À trois jours de la grève annoncée par le Front syndical pour la défense du travail (FSDT), le gouvernement intensifie les concertations avec les centrales syndicales. Une nouvelle séance de négociation est prévue le 9 juillet, tandis que l’exécutif appelle au report du mouvement afin de privilégier le dialogue social.
Une rencontre pour désamorcer les tensions
Le gouvernement a engagé une nouvelle phase de discussions avec le Front syndical pour la défense du travail (FSDT) afin de prévenir une détérioration du climat social. Réunis ce lundi au ministère de la Fonction publique, les représentants de l’État et des organisations syndicales ont convenu de poursuivre les négociations lors d’une nouvelle rencontre fixée au jeudi 9 juillet. Cette réunion, initiée par le ministre de la Fonction publique, du Travail et de la Réforme du Service public, Mamadou Lamine Dianté, s’inscrit dans le cadre du dialogue permanent entre le gouvernement et les partenaires sociaux.
Les syndicats dénoncent des engagements non respectés
Au cours des échanges, le coordonnateur du Front syndical, Mody Guiro, a rappelé que les centrales syndicales avaient accordé un délai aux nouvelles autorités avant d’envisager une mobilisation. Il a souligné que le préavis de grève déposé le 12 mars 2026 reste motivé par le non-respect des engagements contenus dans le Pacte national de stabilité sociale.
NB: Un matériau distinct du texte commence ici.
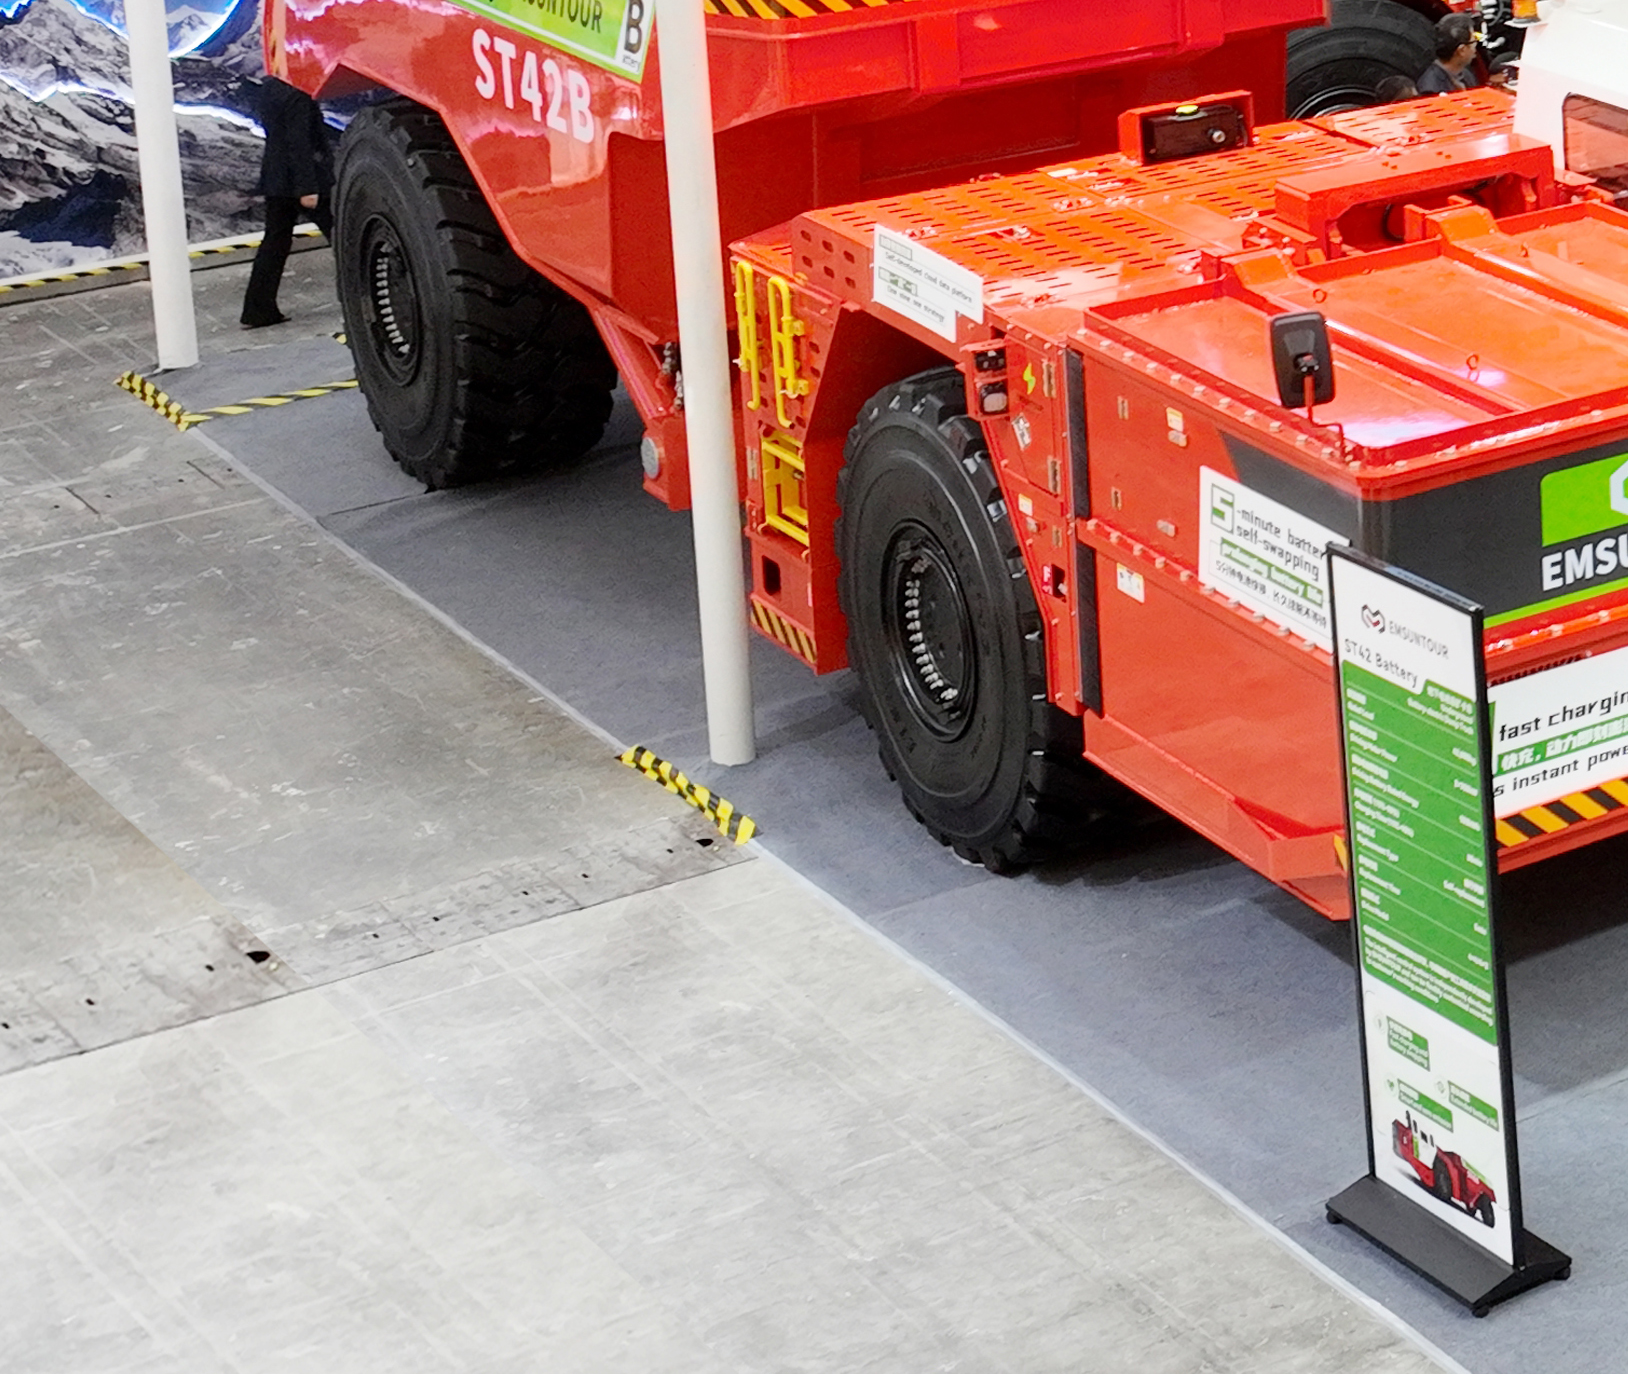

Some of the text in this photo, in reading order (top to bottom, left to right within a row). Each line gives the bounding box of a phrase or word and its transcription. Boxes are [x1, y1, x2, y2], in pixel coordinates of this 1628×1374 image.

Les syndicats ont également exprimé leurs préoccupations concernant les projets de réforme des Codes de la Sécurité sociale et du Travail.
Le gouvernement présente l’état d’avancement des réformes
En réponse aux revendications, les autorités ont présenté un bilan de l’exécution des engagements pris dans le cadre du Pacte national de stabilité sociale ainsi que des accords conclus avec les différentes organisations syndicales. Le gouvernement affirme avoir mis en place un mécanisme de suivi destiné à accélérer la mise en œuvre des mesures convenues et à assurer un meilleur suivi des dossiers en cours.
Les licenciements au cœur des prochaines discussions
Les deux parties ont décidé de poursuivre les négociations le jeudi 9 juillet. Les échanges porteront notamment sur la question des licenciements intervenus dans plusieurs ministères et au sein de certaines structures parapubliques, un sujet que les organisations syndicales considèrent comme prioritaire.
Un appel au report de la grève
À l’issue de la rencontre, le ministre Mamadou Lamine Dianté a invité le Front syndical à reporter la grève prévue le vendredi 10 juillet. Le gouvernement estime que la poursuite du dialogue constitue la meilleure voie pour parvenir à des solutions consensuelles et préserver un climat social apaisé. Les autorités réaffirment leur volonté de privilégier la concertation afin d’éviter une nouvelle montée des tensions dans le monde du travail.